In our day, just as people find it difficult to say “sorry,” so they find it difficult to say “thank you.” And often, when people do say “thank you,” other people find it difficult to accept. We live in a society where we are all supposed to be self-sufficient, and everything done for others is a kind of a business deal. We have done our best to squeeze out the much richer, gentler, more powerful human interaction where someone acts out of sheer generosity and someone else accepts the action with open gratitude. We find it much easier to think of a network of obligations, rights and rewards then to imagine spontaneous generosity, seeking no recompense, and spontaneous gratitude, implying no inferiority or obligation.

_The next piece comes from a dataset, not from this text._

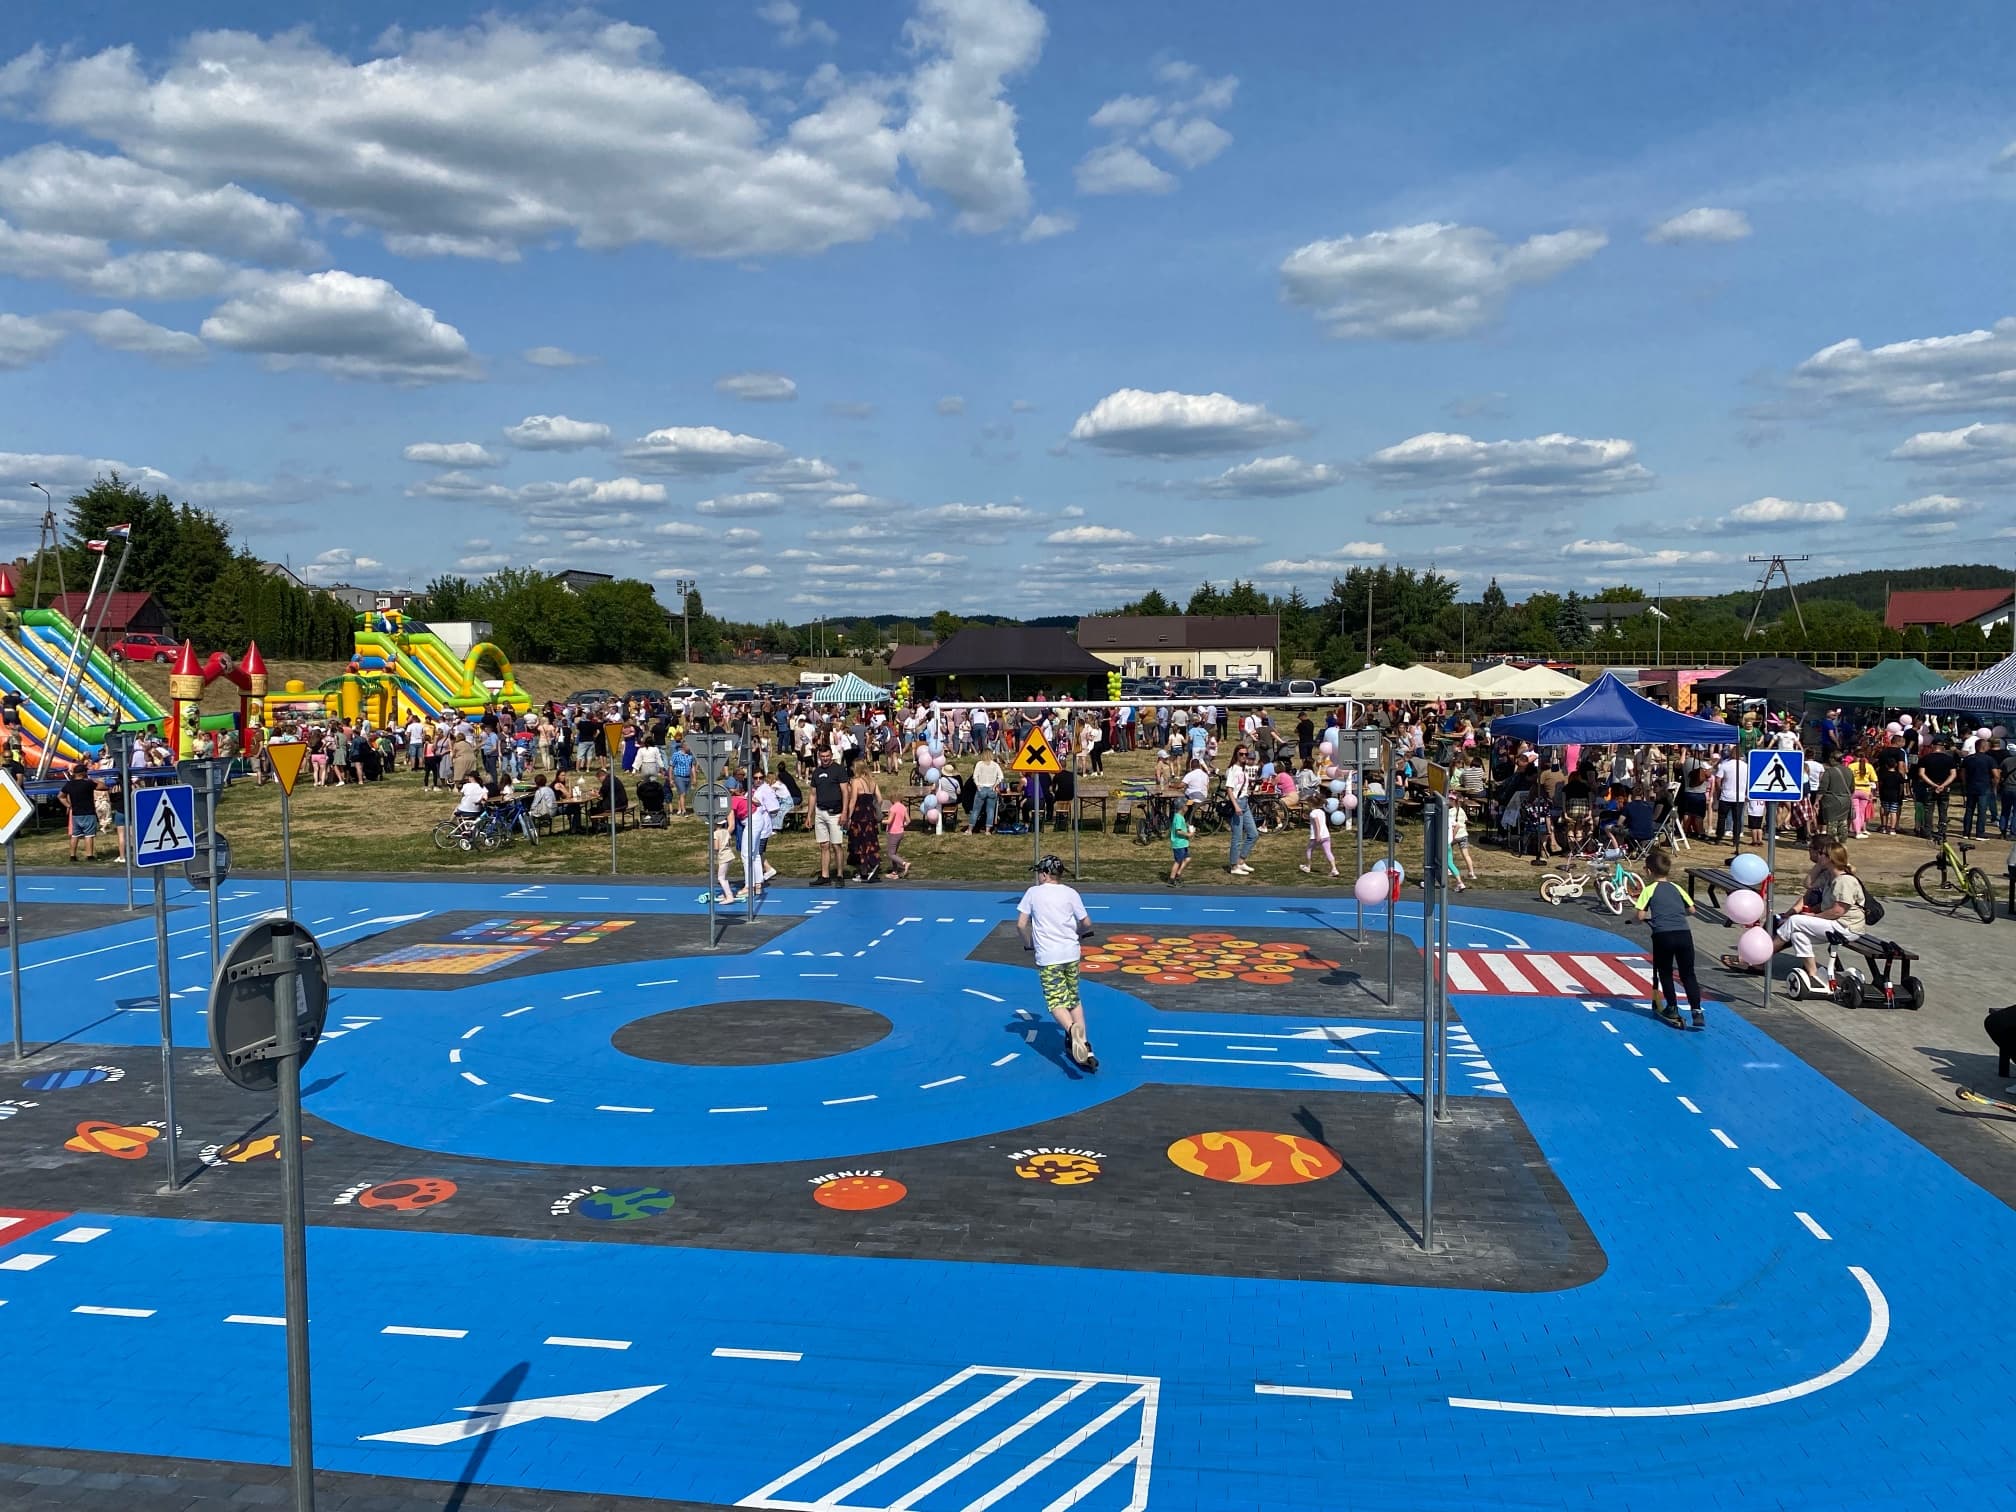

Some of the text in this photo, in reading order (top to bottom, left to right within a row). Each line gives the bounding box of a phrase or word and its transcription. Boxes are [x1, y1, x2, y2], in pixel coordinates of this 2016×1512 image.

What we have here, though, is the idea of a community where somebody, in this case God, does something out of sheer goodness, simply out of who he is. It is a community where people are so thankful that, without any diminution of who they are, but rather with an enlargement of who they are by their thankfulness, they respond to him in gratitude. This was, of course, a problem in the ancient world as well. So-called “benefactors” give gifts to people specifically in order to get a return, to enhance their social position, to look down their noses at those who benefitted from their generosity.
But when God gives things, and indeed when God gives God’s own self to people, it isn’t like that at all. It is a glad outpouring of who God is, which should never produce guilty indebtedness. God wants us to be grateful, of course, but only because he wants to enjoy the relationship that is thereby created, together with the richer flowering of our genuine humanity.”